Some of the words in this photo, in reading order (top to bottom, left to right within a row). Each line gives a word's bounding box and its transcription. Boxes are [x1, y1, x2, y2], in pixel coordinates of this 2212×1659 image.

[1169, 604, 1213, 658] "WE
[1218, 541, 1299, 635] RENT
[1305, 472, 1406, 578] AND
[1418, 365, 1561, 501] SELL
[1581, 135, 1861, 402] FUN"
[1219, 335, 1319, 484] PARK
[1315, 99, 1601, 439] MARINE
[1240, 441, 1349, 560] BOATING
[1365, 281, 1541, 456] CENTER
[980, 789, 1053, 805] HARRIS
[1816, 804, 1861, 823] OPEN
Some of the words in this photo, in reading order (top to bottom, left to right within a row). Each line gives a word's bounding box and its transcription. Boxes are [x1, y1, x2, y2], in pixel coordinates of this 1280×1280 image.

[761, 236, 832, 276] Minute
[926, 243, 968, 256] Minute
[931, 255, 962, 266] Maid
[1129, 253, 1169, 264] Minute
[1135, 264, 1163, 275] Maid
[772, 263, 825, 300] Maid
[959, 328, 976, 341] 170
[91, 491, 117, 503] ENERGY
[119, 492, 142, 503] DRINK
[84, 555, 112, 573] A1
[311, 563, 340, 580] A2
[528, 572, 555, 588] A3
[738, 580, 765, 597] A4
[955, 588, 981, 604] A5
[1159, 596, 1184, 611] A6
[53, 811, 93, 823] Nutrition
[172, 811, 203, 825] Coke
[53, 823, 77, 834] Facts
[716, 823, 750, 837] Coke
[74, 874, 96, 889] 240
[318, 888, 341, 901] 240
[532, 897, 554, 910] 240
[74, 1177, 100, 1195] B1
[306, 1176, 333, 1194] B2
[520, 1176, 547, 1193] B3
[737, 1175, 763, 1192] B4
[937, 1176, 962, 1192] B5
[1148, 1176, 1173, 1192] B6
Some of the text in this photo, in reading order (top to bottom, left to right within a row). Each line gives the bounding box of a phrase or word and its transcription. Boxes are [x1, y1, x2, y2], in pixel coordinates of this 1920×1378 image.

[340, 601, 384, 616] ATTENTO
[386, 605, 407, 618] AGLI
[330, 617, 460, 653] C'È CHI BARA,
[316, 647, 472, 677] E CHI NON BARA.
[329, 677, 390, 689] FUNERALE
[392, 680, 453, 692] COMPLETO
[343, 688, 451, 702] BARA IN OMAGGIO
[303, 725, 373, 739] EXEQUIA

:::::

* **Assigned task**: Each record above must be output without any alteration.

* **Answer for this exercise**:
Some of the words in this photo, in reading order (top to bottom, left to right within a row). Each line gives a word's bounding box and its transcription. Boxes are [x1, y1, x2, y2], in pixel coordinates of this 2212×1659 image.

[1169, 604, 1213, 658] "WE
[1218, 541, 1299, 635] RENT
[1305, 472, 1406, 578] AND
[1418, 365, 1561, 501] SELL
[1581, 135, 1861, 402] FUN"
[1219, 335, 1319, 484] PARK
[1315, 99, 1601, 439] MARINE
[1240, 441, 1349, 560] BOATING
[1365, 281, 1541, 456] CENTER
[980, 789, 1053, 805] HARRIS
[1816, 804, 1861, 823] OPEN
Some of the words in this photo, in reading order (top to bottom, left to right within a row). Each line gives a word's bounding box and its transcription. Boxes are [x1, y1, x2, y2], in pixel coordinates of this 1280×1280 image.

[761, 236, 832, 276] Minute
[926, 243, 968, 256] Minute
[931, 255, 962, 266] Maid
[1129, 253, 1169, 264] Minute
[1135, 264, 1163, 275] Maid
[772, 263, 825, 300] Maid
[959, 328, 976, 341] 170
[91, 491, 117, 503] ENERGY
[119, 492, 142, 503] DRINK
[84, 555, 112, 573] A1
[311, 563, 340, 580] A2
[528, 572, 555, 588] A3
[738, 580, 765, 597] A4
[955, 588, 981, 604] A5
[1159, 596, 1184, 611] A6
[53, 811, 93, 823] Nutrition
[172, 811, 203, 825] Coke
[53, 823, 77, 834] Facts
[716, 823, 750, 837] Coke
[74, 874, 96, 889] 240
[318, 888, 341, 901] 240
[532, 897, 554, 910] 240
[74, 1177, 100, 1195] B1
[306, 1176, 333, 1194] B2
[520, 1176, 547, 1193] B3
[737, 1175, 763, 1192] B4
[937, 1176, 962, 1192] B5
[1148, 1176, 1173, 1192] B6
Some of the text in this photo, in reading order (top to bottom, left to right within a row). Each line gives the bounding box of a phrase or word and its transcription. Boxes are [x1, y1, x2, y2], in pixel coordinates of this 1920×1378 image.

[340, 601, 384, 616] ATTENTO
[386, 605, 407, 618] AGLI
[330, 617, 460, 653] C'È CHI BARA,
[316, 647, 472, 677] E CHI NON BARA.
[329, 677, 390, 689] FUNERALE
[392, 680, 453, 692] COMPLETO
[343, 688, 451, 702] BARA IN OMAGGIO
[303, 725, 373, 739] EXEQUIA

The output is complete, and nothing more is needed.